Pi is approximated by an infinite series whose terms decrease like (1/151931373056000)^n, so each term adds roughly 14.18 digits. This makes it easy to select a number of terms N so that a desired accuracy is achieved.

The actual computation is done with integer arithmetic: that is, for a precision of prec bits, an approximation of pi * 2^(prec) is computed.

Here is the code, extracted from mpmath/libmp/libelefun.py (https://github.com/fredrik-johansson/mpmath/blob/master/mpmath/libmp/libelefun.py):

# Constants in Chudnovsky's series
CHUD_A = MPZ(13591409)
CHUD_B = MPZ(545140134)
CHUD_C = MPZ(640320)
CHUD_D = MPZ(12)

def bs_chudnovsky(a, b, level, verbose):
    """
    Computes the sum from a to b of the series in the Chudnovsky
    formula.

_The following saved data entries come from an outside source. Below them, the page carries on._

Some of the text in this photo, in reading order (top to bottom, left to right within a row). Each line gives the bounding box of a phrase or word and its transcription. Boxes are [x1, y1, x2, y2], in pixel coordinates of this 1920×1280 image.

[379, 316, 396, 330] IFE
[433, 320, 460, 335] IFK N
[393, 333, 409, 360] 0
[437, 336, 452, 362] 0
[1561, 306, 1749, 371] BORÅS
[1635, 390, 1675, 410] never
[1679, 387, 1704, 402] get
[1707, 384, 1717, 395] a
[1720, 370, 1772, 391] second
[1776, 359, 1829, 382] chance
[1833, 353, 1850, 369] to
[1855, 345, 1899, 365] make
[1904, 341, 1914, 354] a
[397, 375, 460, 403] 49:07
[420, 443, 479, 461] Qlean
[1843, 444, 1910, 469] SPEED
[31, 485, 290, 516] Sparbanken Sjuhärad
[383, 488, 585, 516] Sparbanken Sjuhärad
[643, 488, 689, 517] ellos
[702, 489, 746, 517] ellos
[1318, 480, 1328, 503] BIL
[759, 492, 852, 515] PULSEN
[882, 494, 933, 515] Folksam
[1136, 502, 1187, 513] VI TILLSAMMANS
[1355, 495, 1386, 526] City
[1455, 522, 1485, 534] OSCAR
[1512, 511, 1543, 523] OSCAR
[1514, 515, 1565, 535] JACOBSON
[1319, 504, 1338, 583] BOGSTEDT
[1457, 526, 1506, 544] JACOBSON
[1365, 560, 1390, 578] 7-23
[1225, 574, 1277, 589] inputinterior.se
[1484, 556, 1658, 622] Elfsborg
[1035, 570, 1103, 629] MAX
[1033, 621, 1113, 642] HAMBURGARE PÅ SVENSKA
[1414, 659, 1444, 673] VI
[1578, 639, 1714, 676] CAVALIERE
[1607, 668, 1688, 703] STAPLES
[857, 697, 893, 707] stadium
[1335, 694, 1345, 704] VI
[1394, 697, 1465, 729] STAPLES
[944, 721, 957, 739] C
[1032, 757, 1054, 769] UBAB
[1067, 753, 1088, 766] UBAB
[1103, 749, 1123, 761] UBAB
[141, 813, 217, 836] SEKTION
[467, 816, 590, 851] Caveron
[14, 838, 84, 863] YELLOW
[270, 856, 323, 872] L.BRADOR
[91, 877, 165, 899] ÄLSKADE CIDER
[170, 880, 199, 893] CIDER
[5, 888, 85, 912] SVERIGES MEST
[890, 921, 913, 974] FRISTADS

Returns g, p, q where p/q is the sum as an exact
    fraction and g is a temporary value used to save work
    for recursive calls.
    """
    if b-a == 1:
        g = MPZ((6*b-5)*(2*b-1)*(6*b-1))
        p = b**3 * CHUD_C**3 // 24
        q = (-1)**b * g * (CHUD_A+CHUD_B*b)
    else:
        if verbose and level < 4:
            print("  binary splitting", a, b)
        mid = (a+b)//2
        g1, p1, q1 = bs_chudnovsky(a, mid, level+1, verbose)
        g2, p2, q2 = bs_chudnovsky(mid, b, level+1, verbose)
        p = p1*p2
        g = g1*g2
        q = q1*p2 + q2*g1
    return g, p, q

@constant_memo
def pi_fixed(prec, verbose=False, verbose_base=None):
    """
    Compute floor(pi * 2**prec) as a big integer.
    This is done using Chudnovsky's series (see comments in
    libelefun.py for details).
    """
    # The Chudnovsky series gives 14.18 digits per term
    N = int(prec/3.3219280948/14.181647462 + 2)
    if verbose:
        print("binary splitting with N =", N)
    g, p, q = bs_chudnovsky(0, N, 0, verbose)
    sqrtC = isqrt_fast(CHUD_C<<(2*prec))
    v = p*CHUD_C*sqrtC//((q+CHUD_A*p)*CHUD_D)
    return v

This is just ordinary Python code, except that it depends on an extra function isqrt_fast() which computes the square root of a big integer. MPZ is the big integer type used: gmpy.fmpz if this is available, and Python's builtin long type otherwise. The @constant_memo decorator caches the computed value (pi is often needed repeatedly in a numerical calculation, so it makes sense to store it).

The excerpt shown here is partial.